Pheidole fervens is a species of ant in the subfamily Myrmicinae. Pheidole fervens, described from Singapore, is a widespread invasive species and could be native to the Oriental or the Oceanic region.

==Habitat and distribution==
It usually nests in soil or under stones and usually prefers disturbed habitats. On Fiji it was collected in elevations between 1–800 m and tended to inhabit several different habitats from forest edge and mangrove forest to disturbed and undisturbed rainforest. On Mauritius, which seems to be its western distribution limit, this ant was found in the leaf litter of lowland rainforest (200 m elevation). As with most other introduced ants, such as P. teneriffana, it is unclear what effect, if any, P. fervens might have on the rest of the local ant fauna. Considering that the ecosystems of the Mauritius islands have been severely altered and disturbed since the arrival of human settlers several hundred years ago, and native species must also contend with the invasions of introduced organisms, parts of the original ant fauna might have been marginalized or driven to extinction long ago.
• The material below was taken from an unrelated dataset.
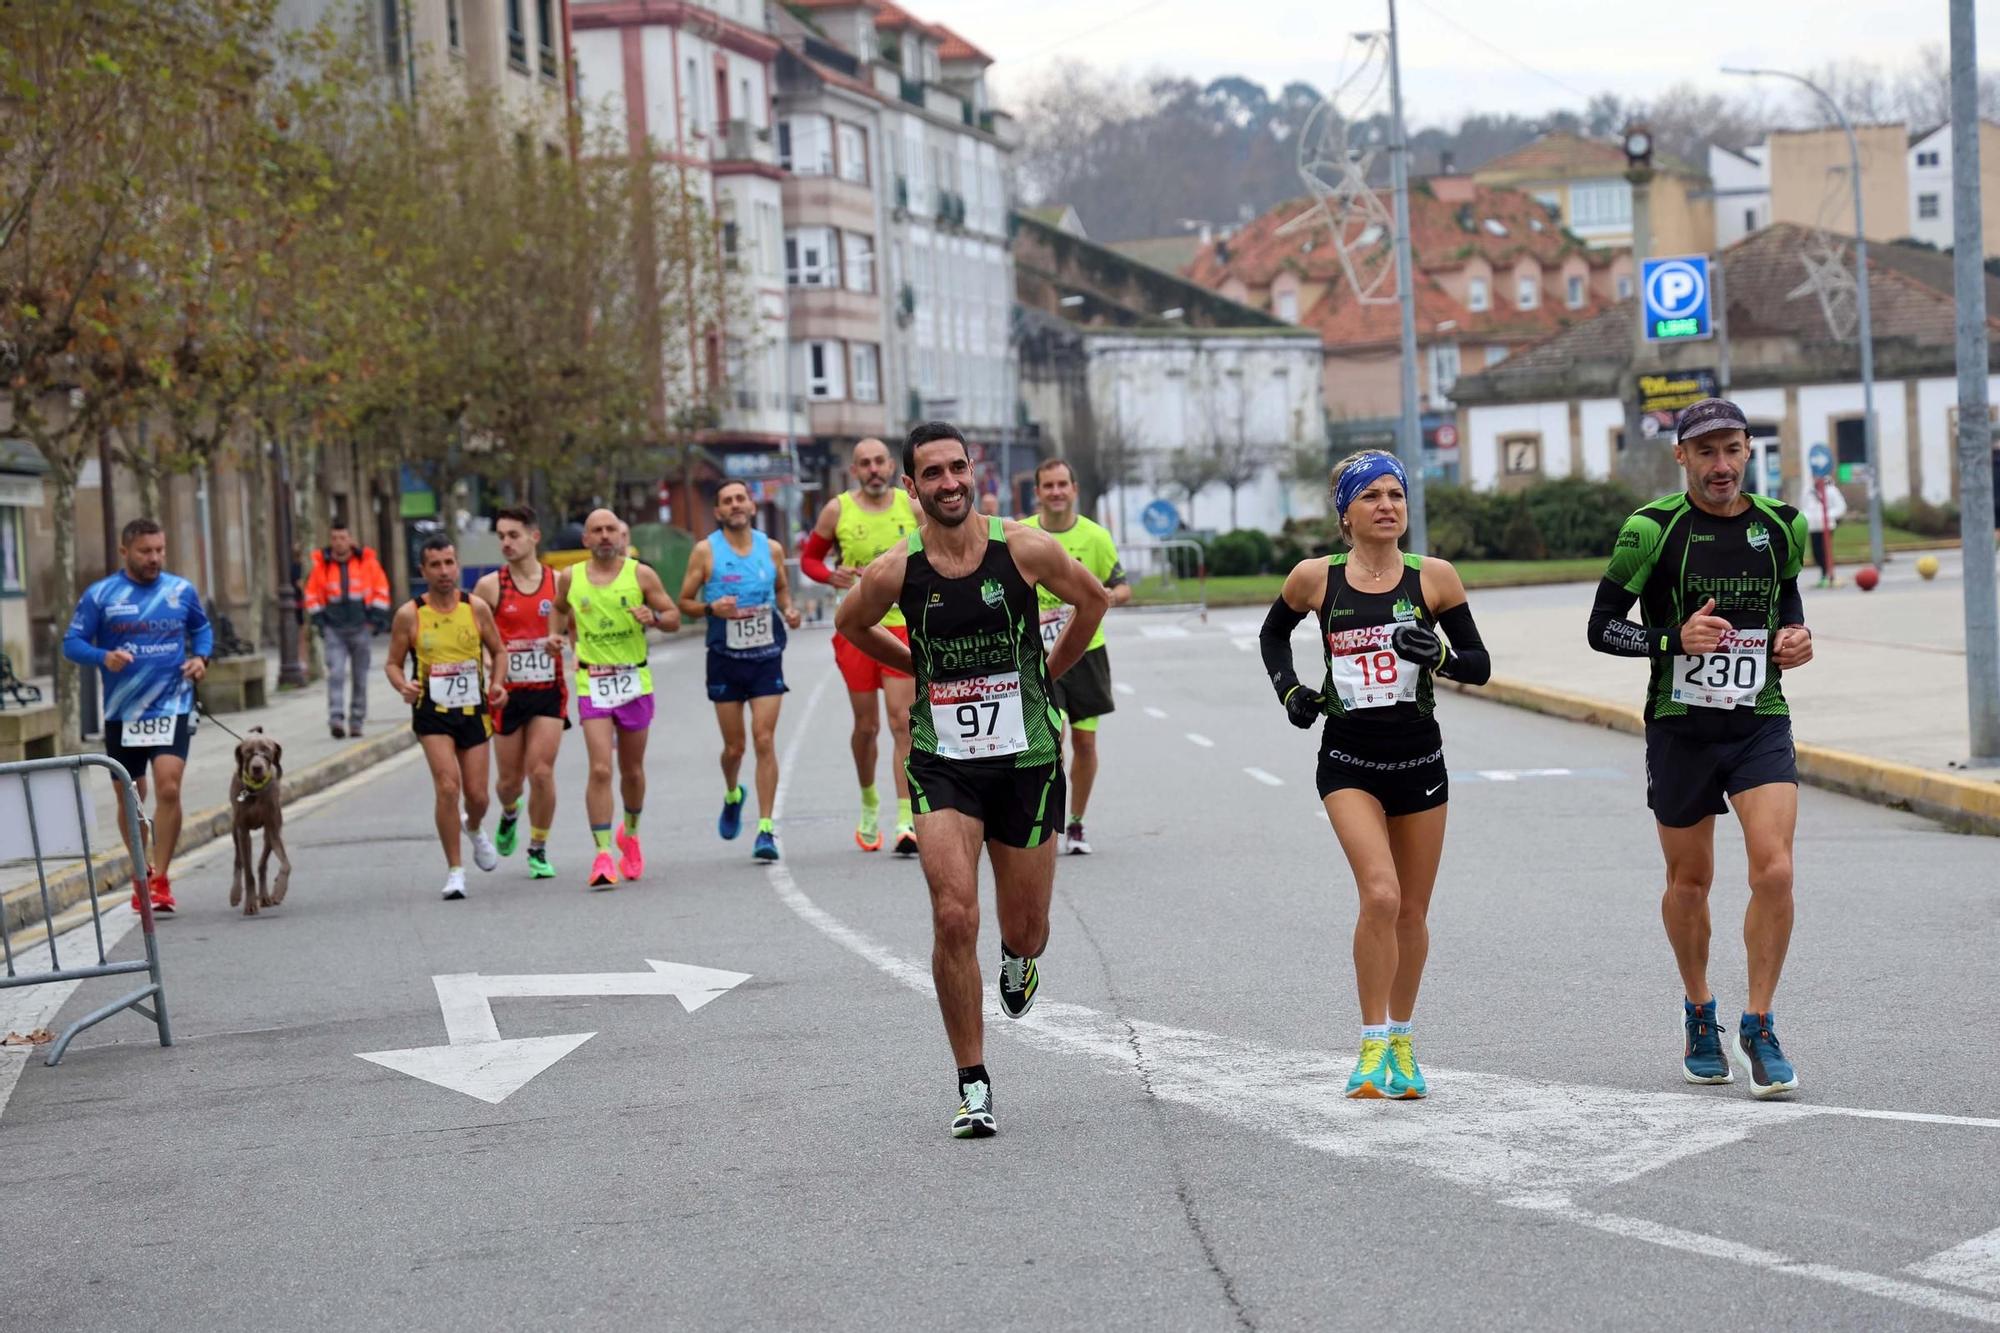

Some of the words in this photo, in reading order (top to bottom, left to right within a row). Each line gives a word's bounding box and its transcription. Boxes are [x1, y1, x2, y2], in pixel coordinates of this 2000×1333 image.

Fischer & Fisher (2013) speculate that the scarcity of P. fervens specimens in Mauritius ant collections and its presence in the rainforest means that this ant has not yet become an invasive and dominant aggressor toward other ant species. Nevertheless, efforts to further investigate the presence and activity of introduced Pheidole species are worthwhile, especially in the few remaining undisturbed habitats.

==Description==
The workers of P. fervens can be easily confused with those of P. teneriffana. Morphologically the minor workers are best separated by coarse, mostly suberect scape pilosity, impressed metanotal groove, relatively smaller eyes and shorter spines in P. fervens versus decumbent to subdecumbent scape pilosity with longer suberect hairs along outer edge, inconspicuous metanotal groove in profile, and larger eyes and longer spines in P. teneriffana. The major workers of P. fervens are recognizable by having longer scapes and a narrower postpetiole in dorsal view than P. teneriffana. In P. fervens, the pilosity in the face and on the metatibia is coarser and at least partly suberect, and the punctures on the sides of the face are stronger than the thinner and more decumbent to subdecumbent pilosity and superficial punctures on the sides of the face in P. teneriffana.